> _EXERCISE OBJECTIVE_:
The answer must reproduce every record exactly, with all pictures omitted.

> _INFORMATION GIVEN_:
⟨
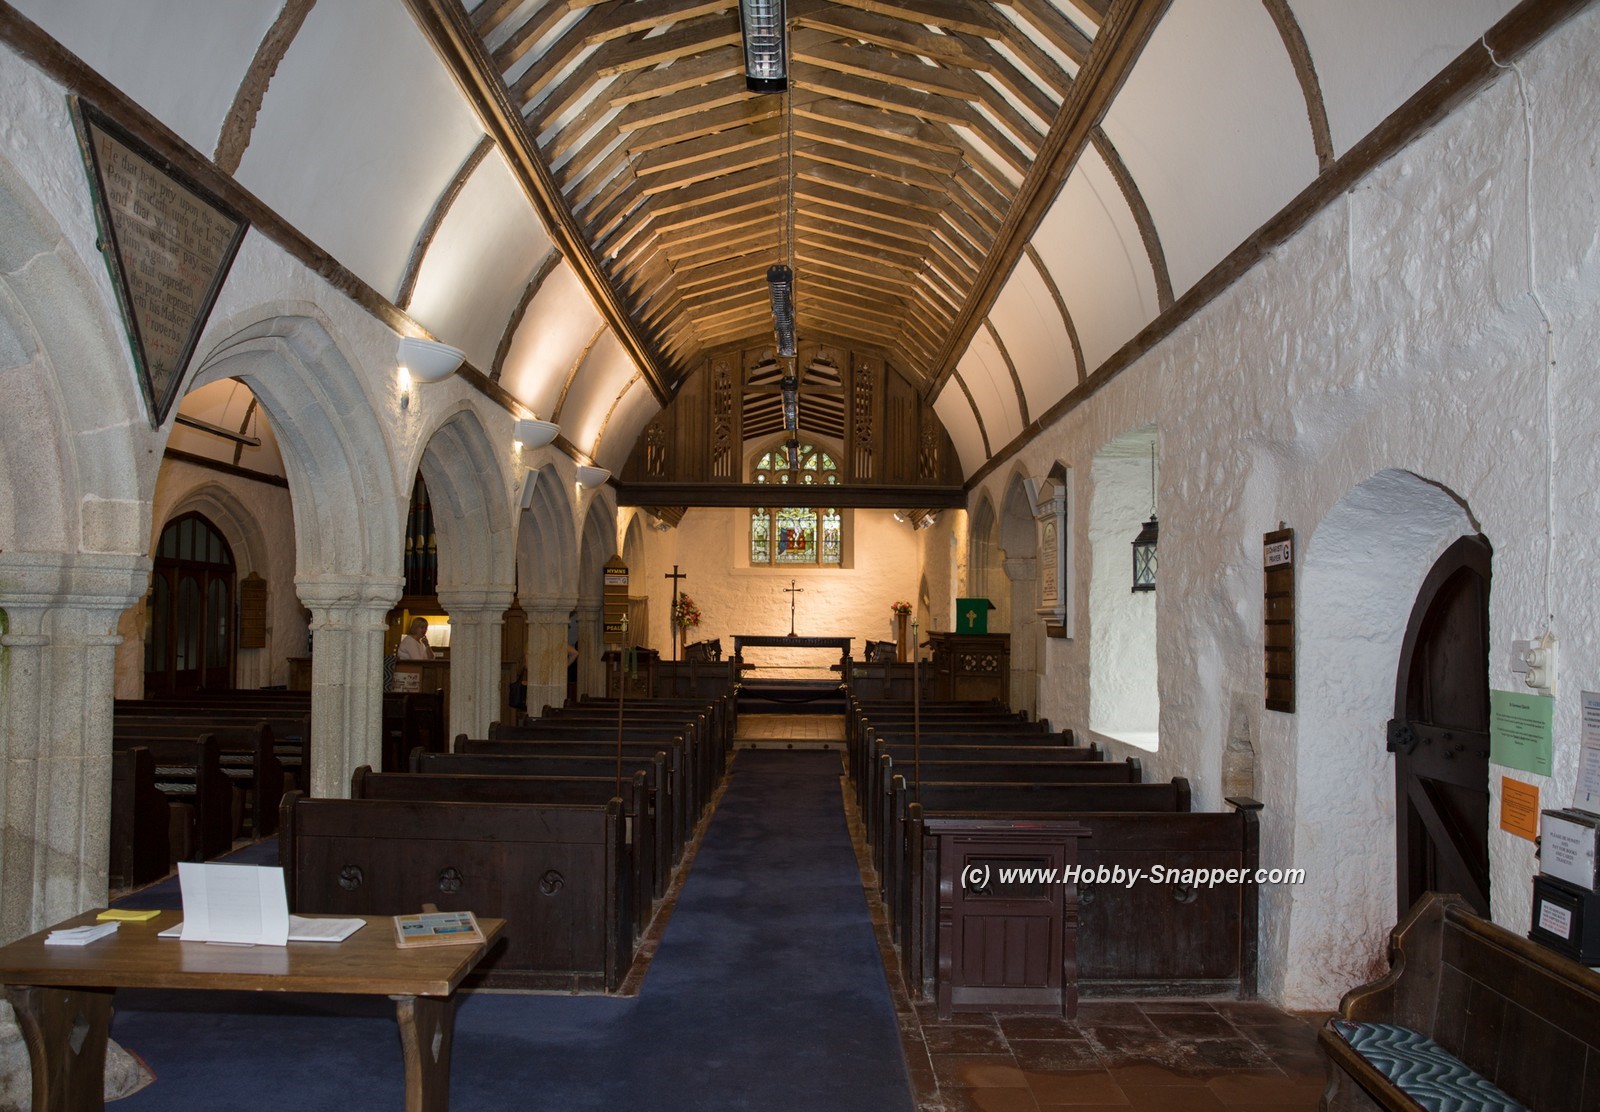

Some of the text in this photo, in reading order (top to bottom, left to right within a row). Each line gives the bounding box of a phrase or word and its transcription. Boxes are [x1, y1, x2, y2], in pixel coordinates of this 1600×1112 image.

[102, 136, 213, 226] He that hath pity upon the
[110, 191, 128, 207] and
[133, 199, 150, 221] that
[153, 214, 181, 241] which
[183, 229, 195, 248] he
[172, 209, 189, 227] unto
[191, 218, 204, 237] the
[124, 249, 138, 269] He
[140, 258, 155, 278] that
[169, 241, 180, 256] he
[183, 252, 198, 270] pay
[130, 270, 142, 288] the
[133, 292, 147, 309] eth
[149, 297, 160, 316] his
[1283, 544, 1290, 560] G
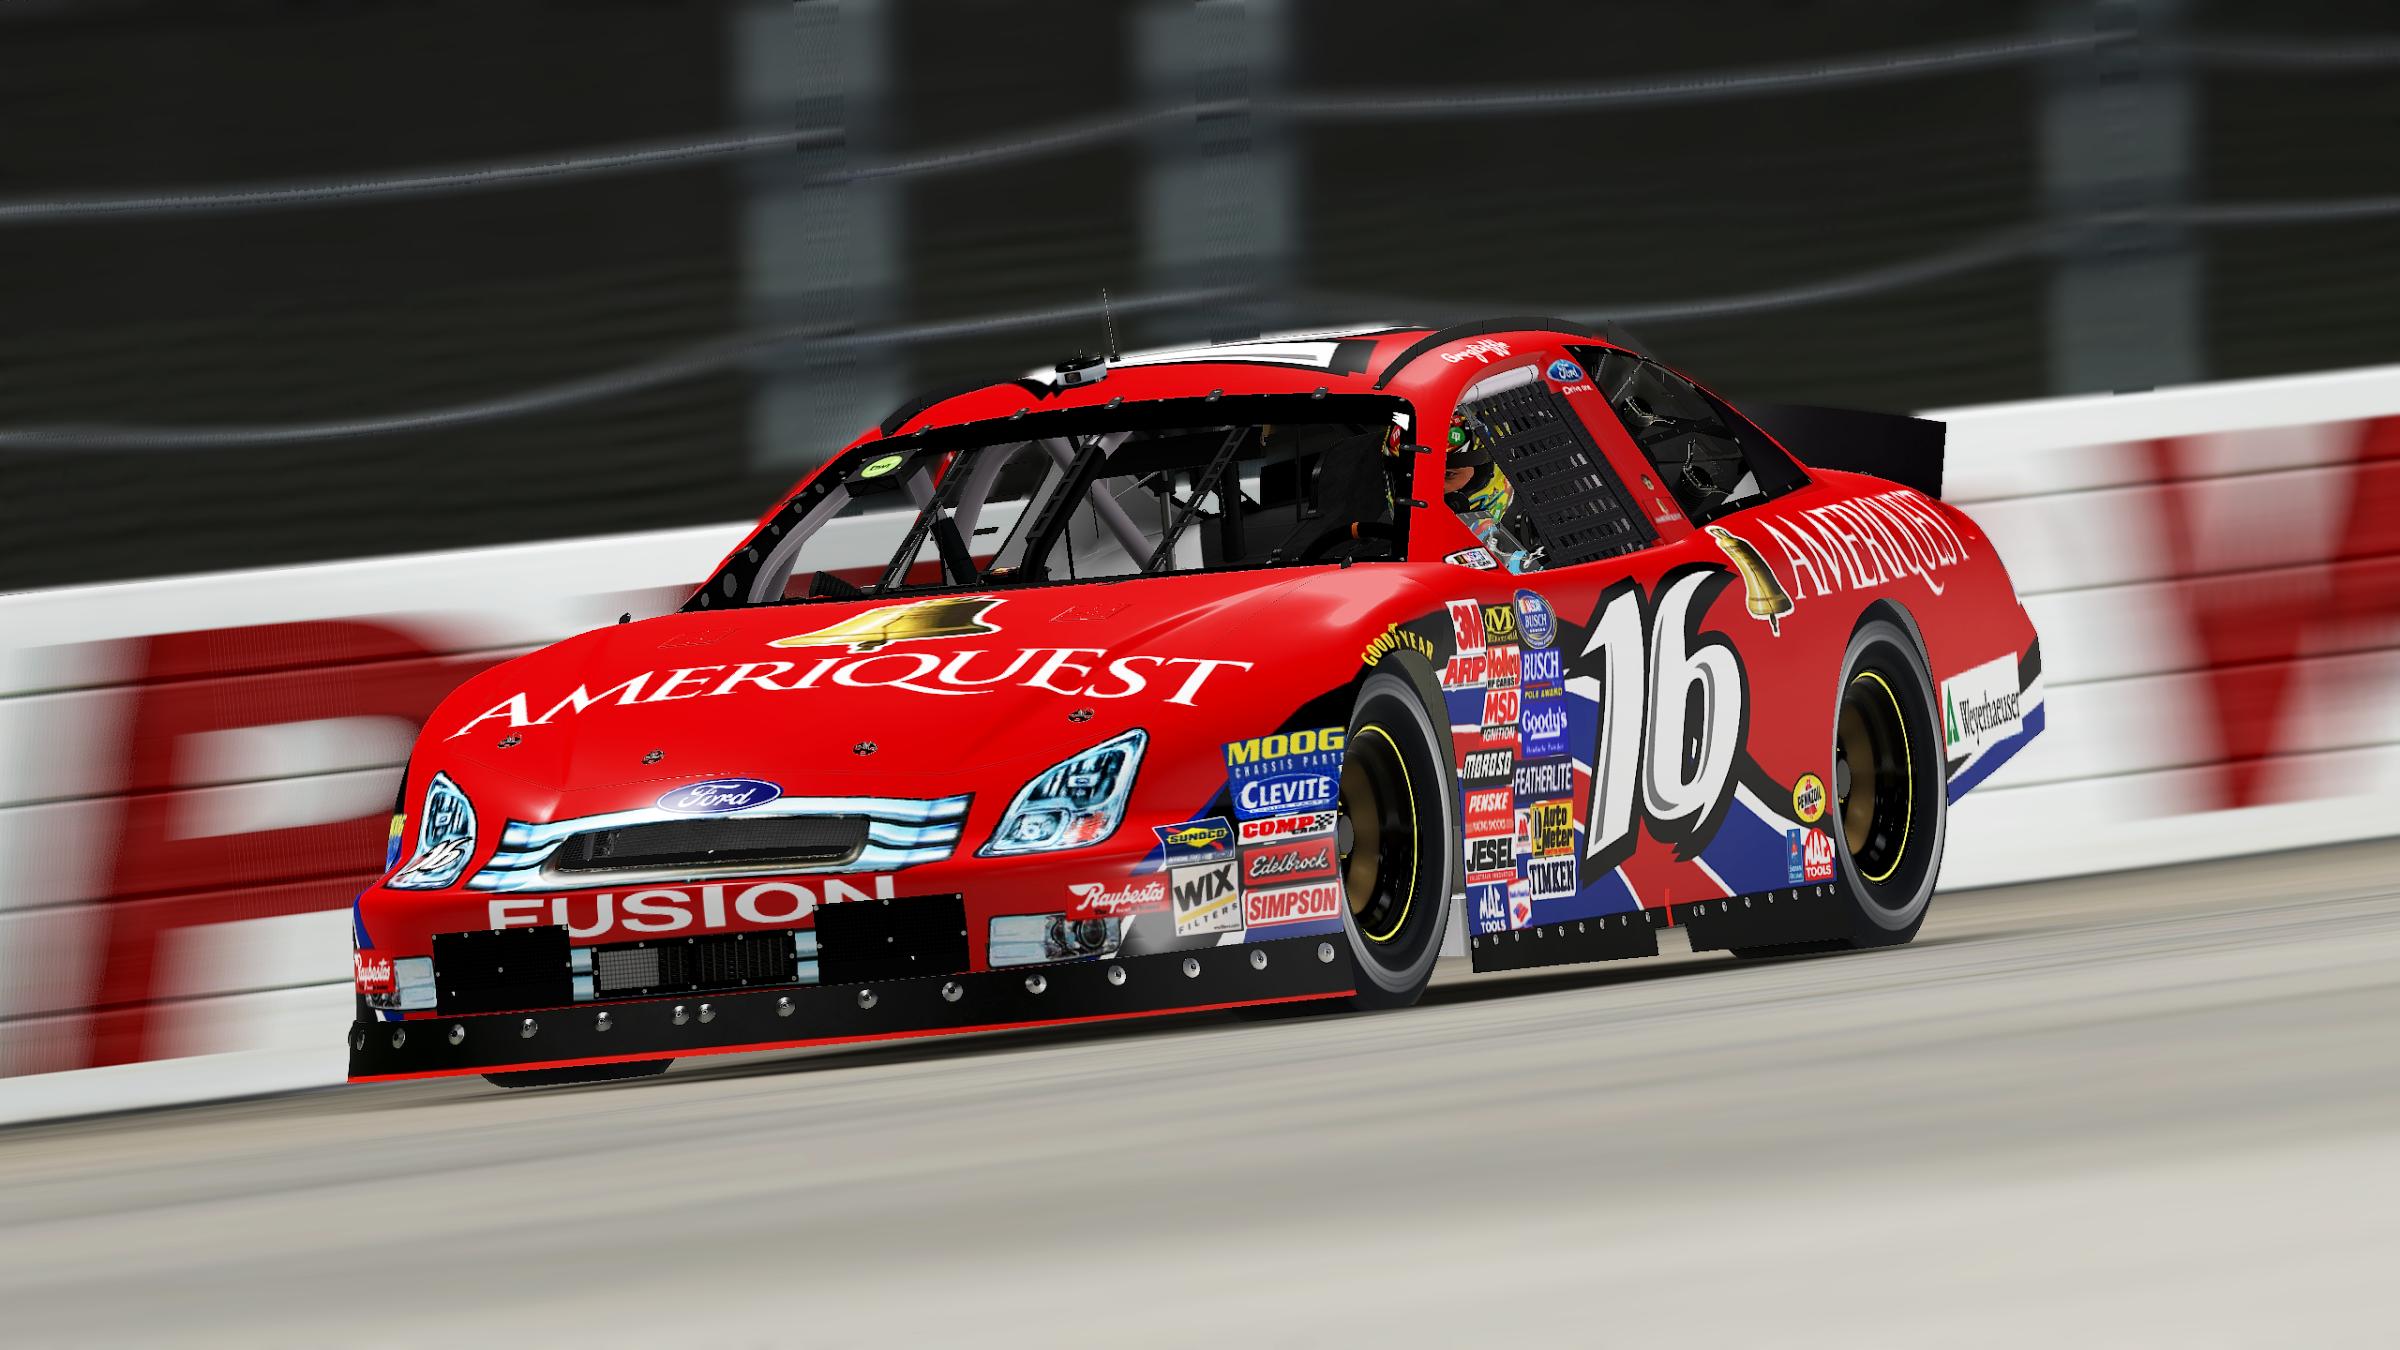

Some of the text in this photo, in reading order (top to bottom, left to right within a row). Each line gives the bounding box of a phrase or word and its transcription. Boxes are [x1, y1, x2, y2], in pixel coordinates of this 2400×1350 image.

[1558, 361, 1579, 379] Ford
[1756, 489, 1970, 600] AMERIQUEST
[1452, 604, 1485, 651] 3M
[1525, 614, 1547, 628] BUSCH
[1361, 622, 1434, 667] GOODYEAR
[1443, 656, 1487, 685] ARP
[1524, 651, 1559, 681] BUSCH
[442, 647, 1253, 740] AMERIQUEST
[1484, 691, 1518, 726] MSD
[1525, 687, 1562, 699] POLE AWARD
[1522, 706, 1567, 741] Goody's
[1580, 570, 1742, 860] 16
[1959, 689, 2020, 746] Weyerhaeuser
[1228, 727, 1345, 766] MOOG
[1483, 726, 1515, 742] IGNITION
[1235, 759, 1293, 779] CHASSIS
[1463, 751, 1512, 779] MOROSO
[1515, 762, 1572, 795] FEATHERLITE
[678, 784, 757, 808] Ford
[1241, 777, 1331, 809] CLEVITE
[1469, 792, 1509, 813] PENSKE
[1797, 785, 1822, 812] PENNZOIL
[1242, 815, 1315, 839] COMP
[1543, 806, 1567, 827] Auto
[1169, 829, 1225, 843] SUNOCO
[1542, 827, 1573, 848] Meter
[1805, 831, 1831, 866] MAC
[1250, 847, 1329, 878] Edelbrock
[1467, 838, 1516, 872] JESEL
[1806, 864, 1831, 878] TOOLS
[1174, 864, 1235, 912] WIX
[1529, 860, 1575, 895] TIMKEN
[1068, 881, 1166, 914] Raybestos
[1250, 887, 1337, 921] SIMPSON
[1480, 884, 1504, 919] MAC
[1178, 902, 1239, 935] FILTERS
[1481, 919, 1507, 933] TOOLS
⟩
> _ANSWER SPACE_:
Some of the text in this photo, in reading order (top to bottom, left to right within a row). Each line gives the bounding box of a phrase or word and its transcription. Boxes are [x1, y1, x2, y2], in pixel coordinates of this 1600×1112 image.

[102, 136, 213, 226] He that hath pity upon the
[110, 191, 128, 207] and
[133, 199, 150, 221] that
[153, 214, 181, 241] which
[183, 229, 195, 248] he
[172, 209, 189, 227] unto
[191, 218, 204, 237] the
[124, 249, 138, 269] He
[140, 258, 155, 278] that
[169, 241, 180, 256] he
[183, 252, 198, 270] pay
[130, 270, 142, 288] the
[133, 292, 147, 309] eth
[149, 297, 160, 316] his
[1283, 544, 1290, 560] G

Some of the text in this photo, in reading order (top to bottom, left to right within a row). Each line gives the bounding box of a phrase or word and its transcription. Boxes are [x1, y1, x2, y2], in pixel coordinates of this 2400×1350 image.

[1558, 361, 1579, 379] Ford
[1756, 489, 1970, 600] AMERIQUEST
[1452, 604, 1485, 651] 3M
[1525, 614, 1547, 628] BUSCH
[1361, 622, 1434, 667] GOODYEAR
[1443, 656, 1487, 685] ARP
[1524, 651, 1559, 681] BUSCH
[442, 647, 1253, 740] AMERIQUEST
[1484, 691, 1518, 726] MSD
[1525, 687, 1562, 699] POLE AWARD
[1522, 706, 1567, 741] Goody's
[1580, 570, 1742, 860] 16
[1959, 689, 2020, 746] Weyerhaeuser
[1228, 727, 1345, 766] MOOG
[1483, 726, 1515, 742] IGNITION
[1235, 759, 1293, 779] CHASSIS
[1463, 751, 1512, 779] MOROSO
[1515, 762, 1572, 795] FEATHERLITE
[678, 784, 757, 808] Ford
[1241, 777, 1331, 809] CLEVITE
[1469, 792, 1509, 813] PENSKE
[1797, 785, 1822, 812] PENNZOIL
[1242, 815, 1315, 839] COMP
[1543, 806, 1567, 827] Auto
[1169, 829, 1225, 843] SUNOCO
[1542, 827, 1573, 848] Meter
[1805, 831, 1831, 866] MAC
[1250, 847, 1329, 878] Edelbrock
[1467, 838, 1516, 872] JESEL
[1806, 864, 1831, 878] TOOLS
[1174, 864, 1235, 912] WIX
[1529, 860, 1575, 895] TIMKEN
[1068, 881, 1166, 914] Raybestos
[1250, 887, 1337, 921] SIMPSON
[1480, 884, 1504, 919] MAC
[1178, 902, 1239, 935] FILTERS
[1481, 919, 1507, 933] TOOLS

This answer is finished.